Every protein your body has ever made — from haemoglobin carrying oxygen in your red cells to the enzyme catalysing the reaction you are studying right now — followed the same three-step production line. DNA stores the blueprint, transcription copies it into RNA, and translation reads that copy to build a protein.
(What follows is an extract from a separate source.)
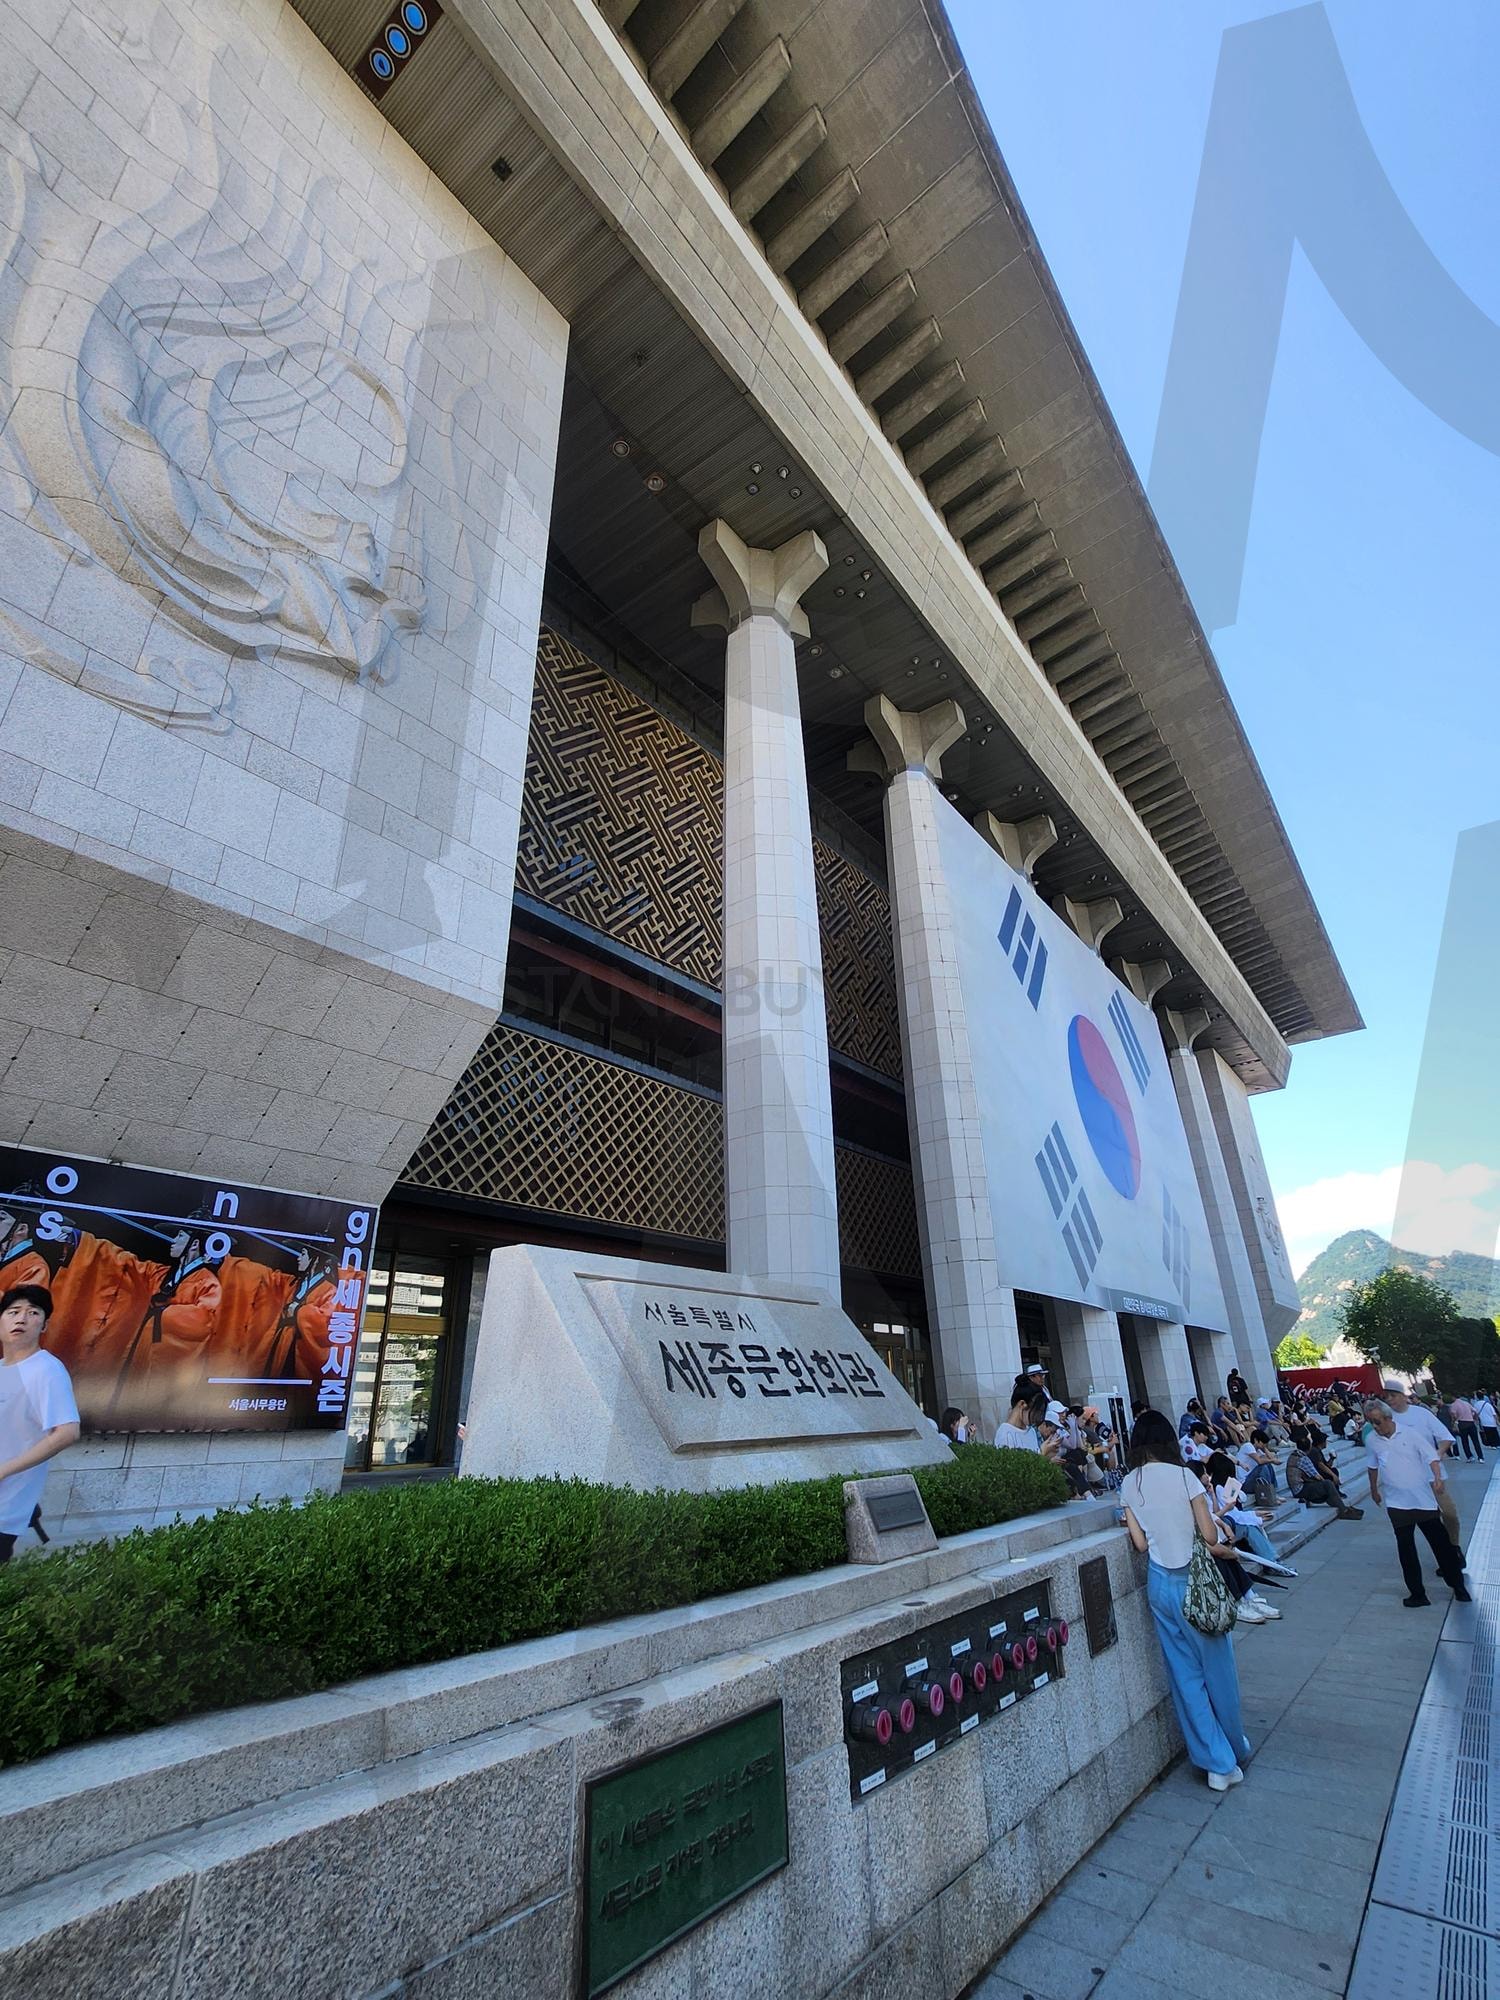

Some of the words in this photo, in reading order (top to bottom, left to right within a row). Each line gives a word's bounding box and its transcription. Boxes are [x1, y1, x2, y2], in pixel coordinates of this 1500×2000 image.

[644, 1301, 757, 1334] 서울특별시
[658, 1339, 886, 1399] 세종문화회관
[228, 1398, 288, 1412] 서울시무용단
This flow of biological information is so fundamental that Francis Crick named it the central dogma of molecular biology in 1958, and understanding it in mechanistic depth is indispensable for any medical exam.
1 Overview: Why a Two-Step Intermediary?
Think of DNA as the master reference volume locked in the archive room (the nucleus). You would never take the original out — it is too precious, and too long. Instead, a photocopier (**RNA polymerase**) produces a working extract: a messenger RNA (mRNA) molecule containing only the chapter you need. This mRNA then travels out to the factory floor (the cytoplasm), where ribosomes decode it into a functional protein.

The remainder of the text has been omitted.